Print the entries exactly as they appear, and omit any images.
=== SUPPLIED ENTRIES ===
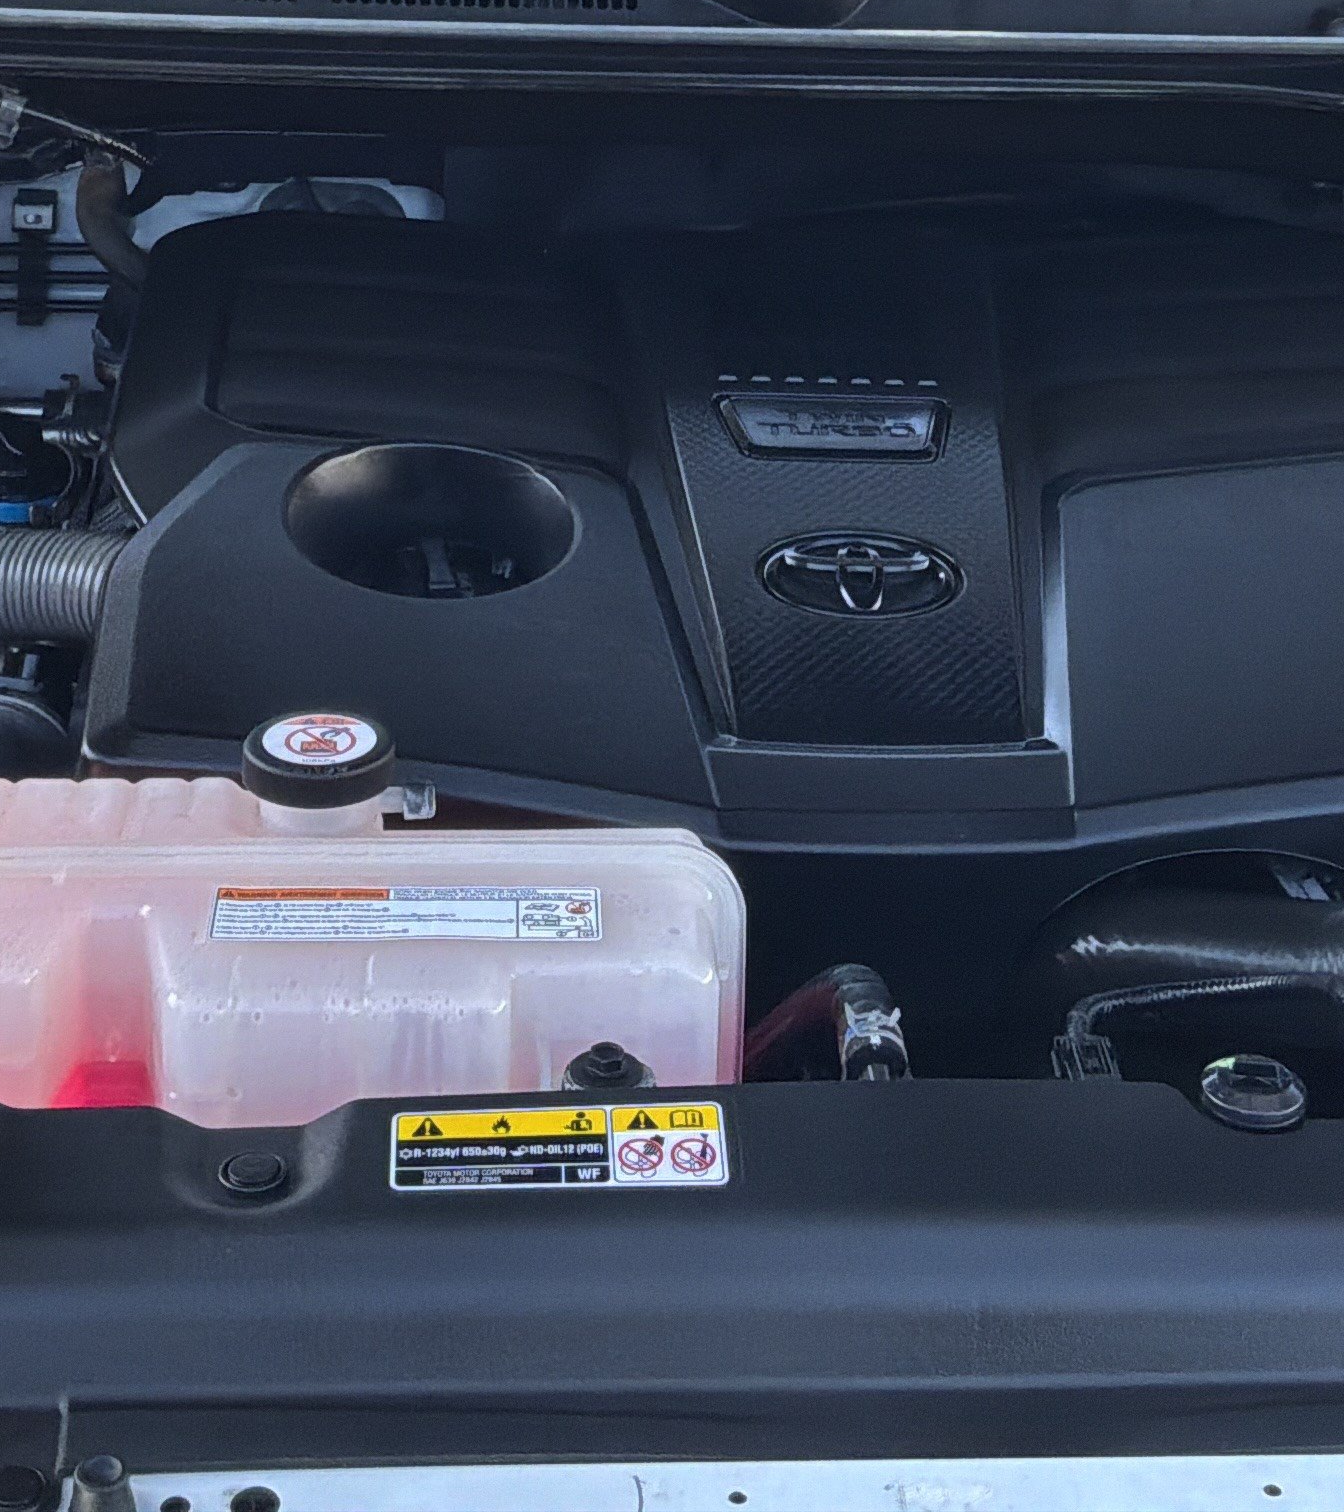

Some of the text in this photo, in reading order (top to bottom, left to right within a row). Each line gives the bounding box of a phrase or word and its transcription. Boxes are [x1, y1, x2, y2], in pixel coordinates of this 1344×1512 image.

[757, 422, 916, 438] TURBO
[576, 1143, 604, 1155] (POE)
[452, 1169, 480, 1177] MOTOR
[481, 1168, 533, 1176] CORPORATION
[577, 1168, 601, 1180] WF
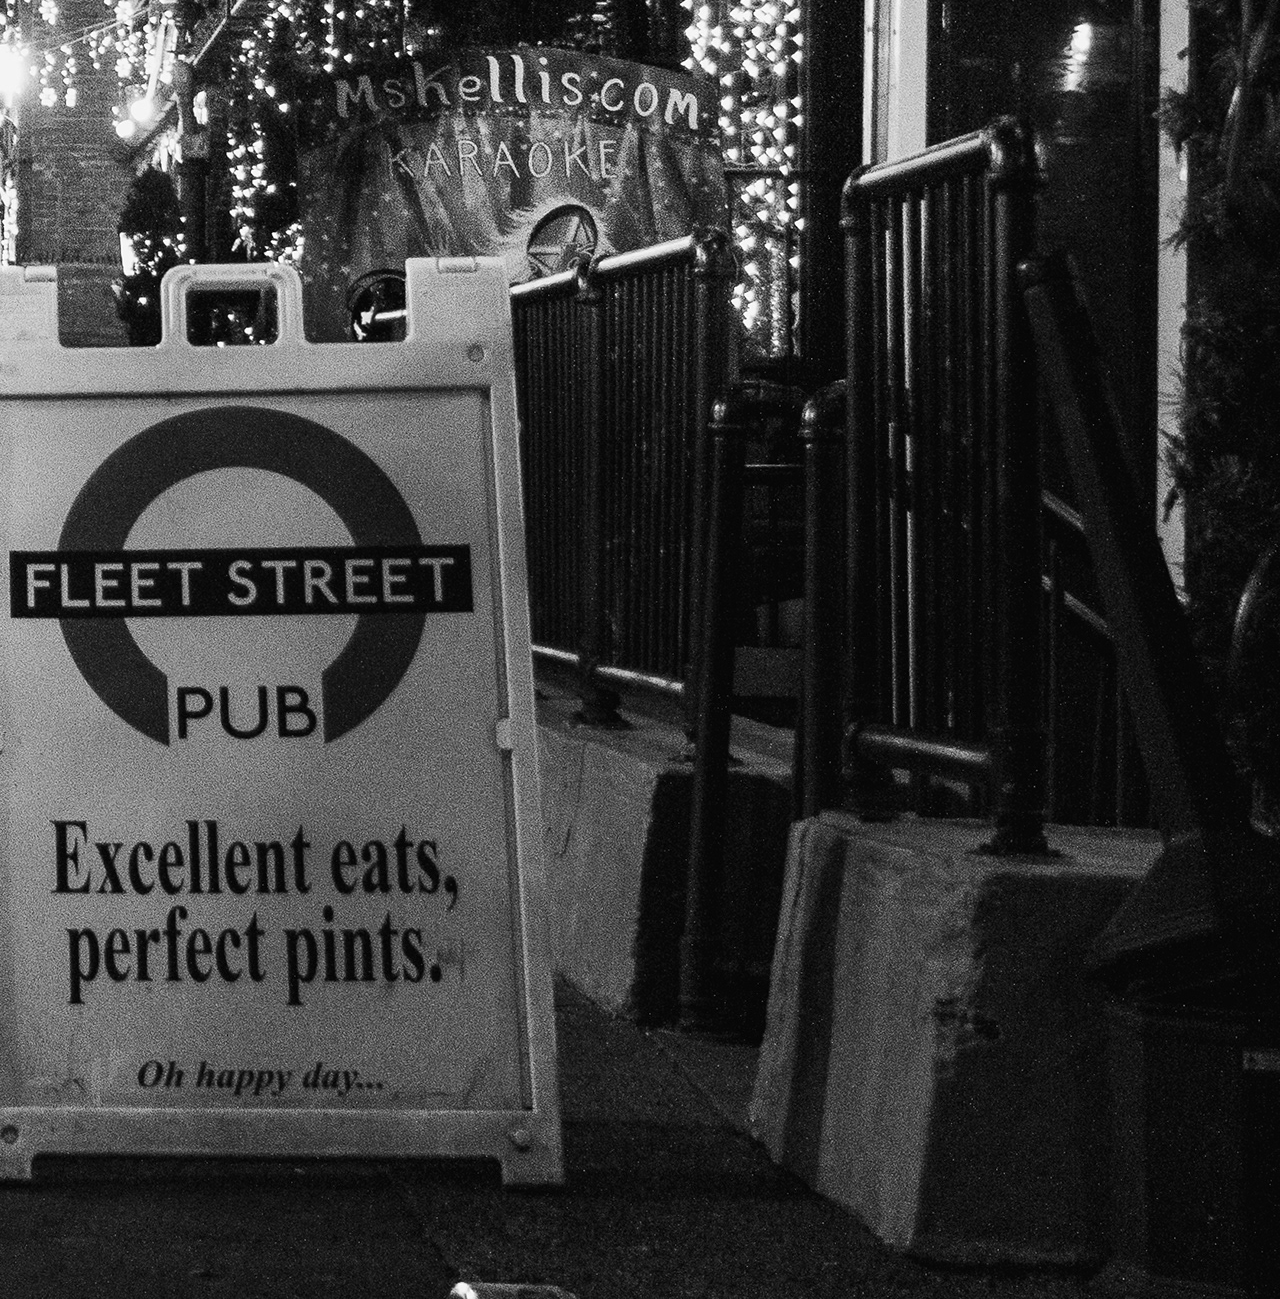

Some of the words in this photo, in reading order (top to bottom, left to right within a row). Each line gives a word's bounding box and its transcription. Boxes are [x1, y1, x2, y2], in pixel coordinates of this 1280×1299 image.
===
→ RESPONSE:
Some of the text in this photo, in reading order (top to bottom, left to right within a row). Each line gives the bounding box of a phrase or word and its transcription. Boxes are [x1, y1, x2, y2], in pixel coordinates of this 1344×1512 image.

[757, 422, 916, 438] TURBO
[576, 1143, 604, 1155] (POE)
[452, 1169, 480, 1177] MOTOR
[481, 1168, 533, 1176] CORPORATION
[577, 1168, 601, 1180] WF

Some of the words in this photo, in reading order (top to bottom, left to right within a row). Each line gives a word's bounding box and its transcription. Boxes are [x1, y1, x2, y2], in pixel coordinates of this 1280×1299 image.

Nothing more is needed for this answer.